It took an instant for my eyes to focus, and another for me to follow Mr. Buttle's waveringly pointing finger.

I saw the rope before I saw Hoako the half-pint Hindu.

The rope rose straight up from the floor in the center of the lobby. It rose straight up and stopped some five feet short of the rather high lobby ceiling.

It didn't seem fastened to anything.

And yet it stood as rigidly as a pole.

And there was a crowd, maybe ten or twelve people, grouped in a circle at the base of the strangely erect rope, while, from the center of that group, right next to the rope, I caught the flash of the turban of Hoako the Hindu, alias Joe Jobe.

"I, I, really do believe that we are aboush to witsnesh the Hindu Rope Trick!" exclaimed Mr. Buttle, profoundly excited.

Sobriety was coming back to me. Coming back in a hurry. Theatrical hotel or not, the Harmony didn't tolerate acts in the lobby. It was a long standing policy, and I didn't intend to have it violated now. Even if a pseudo-professional magician wanted to practice.

I started for the crowd around the foot of the weirdly stationary rope. Mr. Buttle, babbling excitedly, was at my heels.

I pushed my way through the ring of spectators to confront Hoako the Hindu.

"What's going on here?" I demanded.

The turbaned little guy looked somberly up at me. "I am just brushing up on a trick," he said.

I looked up the strangely stationary rope. It was all of fifteen to twenty feet high.

"This is no place for tricks," I said. "You rented the suite on the tenth, not the lobby."

"It's too small," Joe Jobe, also Hoako the Hindu, declared.

"Then rent the Roxy," I said. "But get your damned rope trick out of this lobby!"

Mr. Buttle was plucking at my sleeve then, and I turned to see his round anxious face staring up imploringly at mine.

"Let him work his trick," Mr. Buttle begged. "I've never seen it done."

I hesitated. After all, Mr. Buttle was our prospective buyer. I had almost lost him once. There was no sense in crossing him now. I decided to make him happy.

"Okay," I told the turbaned little guy, "do your trick. But make it snappy, understand?"
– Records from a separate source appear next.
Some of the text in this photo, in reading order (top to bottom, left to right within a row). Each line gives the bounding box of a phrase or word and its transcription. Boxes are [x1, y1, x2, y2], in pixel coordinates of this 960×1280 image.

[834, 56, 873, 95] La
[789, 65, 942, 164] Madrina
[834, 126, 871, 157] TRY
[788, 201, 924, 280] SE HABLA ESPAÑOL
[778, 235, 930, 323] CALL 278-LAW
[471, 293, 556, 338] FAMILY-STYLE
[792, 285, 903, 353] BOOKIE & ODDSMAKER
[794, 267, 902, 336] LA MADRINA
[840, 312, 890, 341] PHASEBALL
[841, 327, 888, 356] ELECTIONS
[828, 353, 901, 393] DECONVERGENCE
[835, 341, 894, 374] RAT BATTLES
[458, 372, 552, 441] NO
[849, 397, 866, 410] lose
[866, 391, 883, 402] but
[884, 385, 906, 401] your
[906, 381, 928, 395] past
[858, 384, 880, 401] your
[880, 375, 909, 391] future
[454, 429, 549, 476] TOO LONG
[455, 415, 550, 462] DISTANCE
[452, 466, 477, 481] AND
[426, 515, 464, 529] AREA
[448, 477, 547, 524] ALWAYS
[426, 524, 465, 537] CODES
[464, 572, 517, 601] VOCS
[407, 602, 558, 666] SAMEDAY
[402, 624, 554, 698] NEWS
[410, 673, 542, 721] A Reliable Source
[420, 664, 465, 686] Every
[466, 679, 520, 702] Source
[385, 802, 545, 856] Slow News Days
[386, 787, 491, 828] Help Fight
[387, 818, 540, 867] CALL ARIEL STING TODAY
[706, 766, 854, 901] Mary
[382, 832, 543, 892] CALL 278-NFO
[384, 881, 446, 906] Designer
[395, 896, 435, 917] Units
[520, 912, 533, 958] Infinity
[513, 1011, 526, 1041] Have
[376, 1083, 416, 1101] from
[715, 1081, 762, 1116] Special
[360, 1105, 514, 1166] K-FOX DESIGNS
Hoako the Hindu's large, luminous, sorrowful brown eyes looked around the crowd. He spotted a breathless little lad of about ten in his audience.
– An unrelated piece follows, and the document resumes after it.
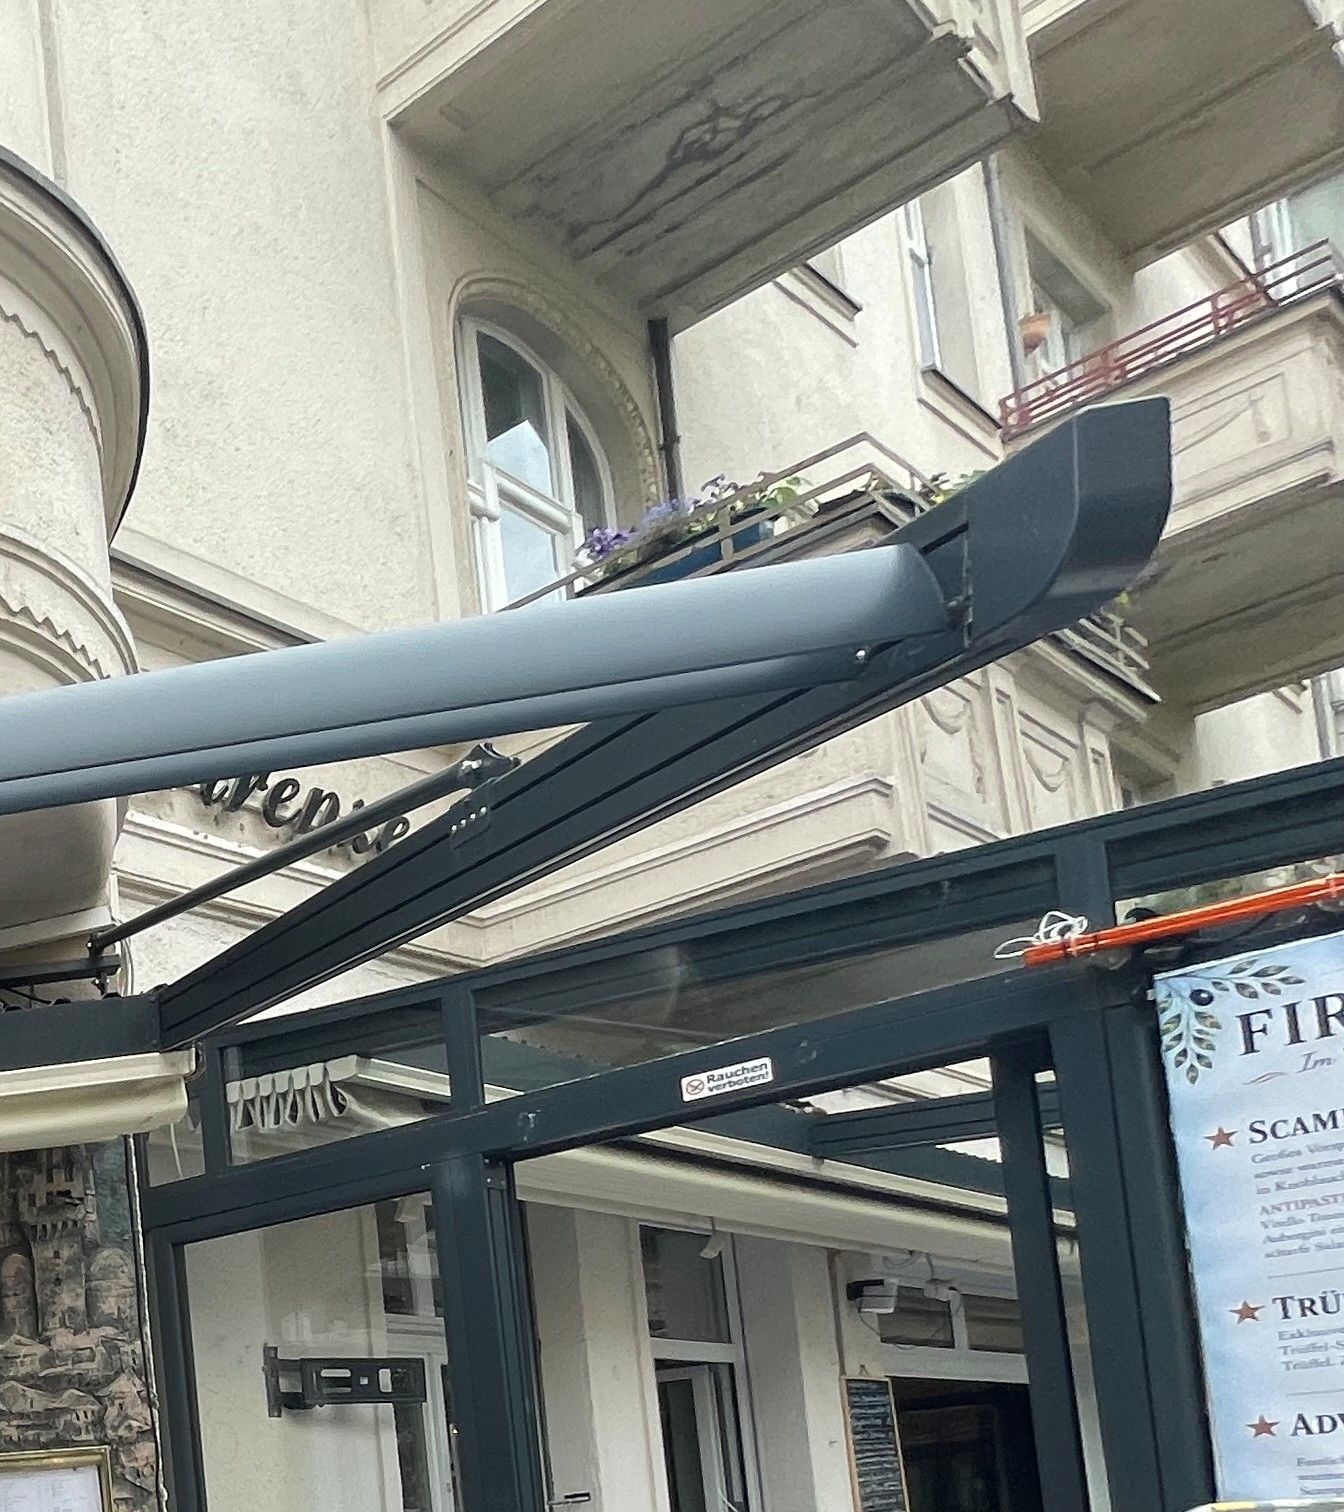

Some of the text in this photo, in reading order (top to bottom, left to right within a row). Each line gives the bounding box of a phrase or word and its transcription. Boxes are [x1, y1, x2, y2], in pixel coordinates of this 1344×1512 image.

[707, 1062, 768, 1084] Rauchen
[708, 1071, 770, 1093] verboten!
[1249, 1108, 1344, 1144] SCAM
[1272, 1290, 1344, 1319] TRÜ
"You know how to climb, sonny?"

"Oh, Boy," exclaimed the youngster. "Kin I climb. Try me and see how good I can climb!" The kid dashed to the peanut magician's side.

And then, before I could think fast enough to do anything about preventing it, the kid was shinnying up the stationary rope toward the ceiling!

I watched him climb higher and higher, while Hoako the Hindu looked up, arms outstretched toward the boy, fingers working as if running a scale on an invisible piano.

"Abracadabra," muttered Joe Jobe soulfully, trying to look as Hindustanish as his stage name. "Abracadabra, baba, slabah!"

It happened just as the youngster reached the top of the rope, just as if it looked as the only thing left for him to do would be to climb down again.

There was a brilliant puff of smoke, completely concealing the kid. And when the smoke cleared an instant later—the kid was gone!


Illustration

Suddenly the kid disappeared in a puff of smoke.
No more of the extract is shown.